Task item: Leaving out every picture, quote the data below exactly as it appears.

Listed entries:
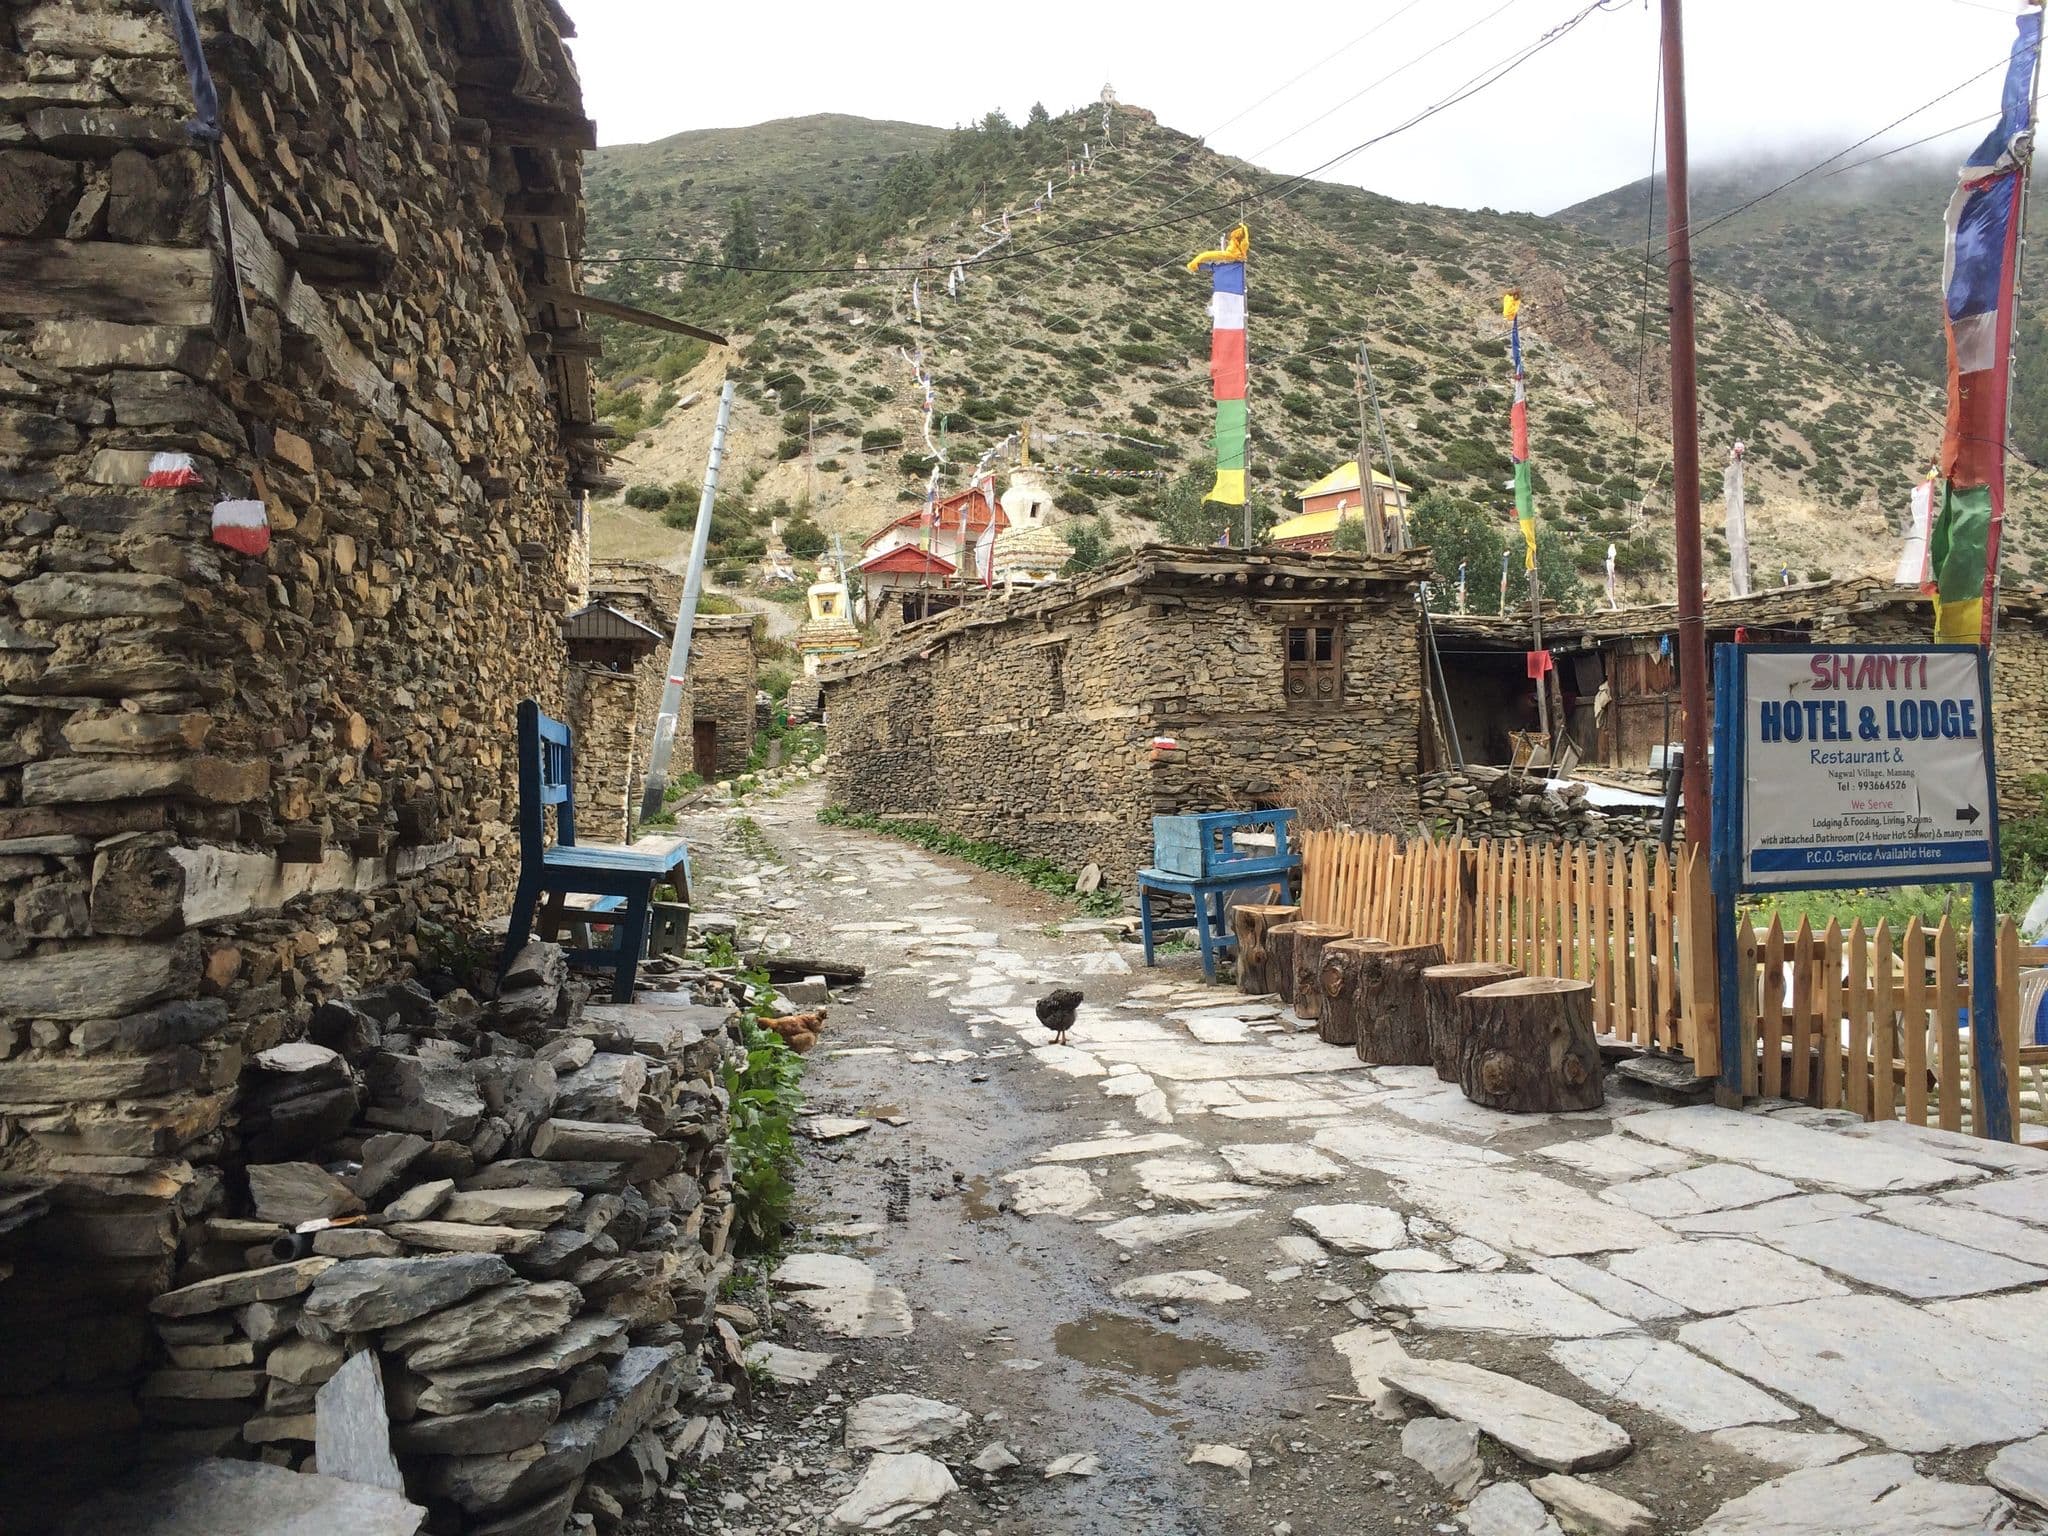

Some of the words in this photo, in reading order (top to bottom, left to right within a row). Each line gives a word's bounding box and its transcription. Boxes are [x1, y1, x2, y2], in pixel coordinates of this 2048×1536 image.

[1810, 654, 1928, 690] SHANTI
[1761, 700, 1852, 743] HOTEL
[1859, 706, 1881, 741] &
[1886, 699, 1977, 741] LODGE
[1811, 749, 1890, 764] Restaurant
[1893, 747, 1904, 763] &
[1887, 768, 1915, 778] Manang
[1851, 800, 1865, 810] We
[1868, 799, 1894, 810] Serve
[1812, 817, 1842, 829] Lodging
[1843, 817, 1849, 826] &
[1850, 816, 1882, 828] Fooding,
[1883, 815, 1905, 826] Living
[1761, 835, 1777, 844] with
[1779, 833, 1814, 844] attached
[1815, 832, 1855, 843] Bathroom
[1855, 831, 1870, 844] (24
[1872, 831, 1890, 841] Hour
[1892, 829, 1906, 840] Hot
[1943, 829, 1964, 839] many
[1965, 828, 1983, 838] more
[1836, 849, 1873, 862] Service
[1874, 847, 1917, 861] Available
[1919, 847, 1942, 858] Here

Solution to this exercise:
Some of the words in this photo, in reading order (top to bottom, left to right within a row). Each line gives a word's bounding box and its transcription. Boxes are [x1, y1, x2, y2], in pixel coordinates of this 2048×1536 image.

[1810, 654, 1928, 690] SHANTI
[1761, 700, 1852, 743] HOTEL
[1859, 706, 1881, 741] &
[1886, 699, 1977, 741] LODGE
[1811, 749, 1890, 764] Restaurant
[1893, 747, 1904, 763] &
[1887, 768, 1915, 778] Manang
[1851, 800, 1865, 810] We
[1868, 799, 1894, 810] Serve
[1812, 817, 1842, 829] Lodging
[1843, 817, 1849, 826] &
[1850, 816, 1882, 828] Fooding,
[1883, 815, 1905, 826] Living
[1761, 835, 1777, 844] with
[1779, 833, 1814, 844] attached
[1815, 832, 1855, 843] Bathroom
[1855, 831, 1870, 844] (24
[1872, 831, 1890, 841] Hour
[1892, 829, 1906, 840] Hot
[1943, 829, 1964, 839] many
[1965, 828, 1983, 838] more
[1836, 849, 1873, 862] Service
[1874, 847, 1917, 861] Available
[1919, 847, 1942, 858] Here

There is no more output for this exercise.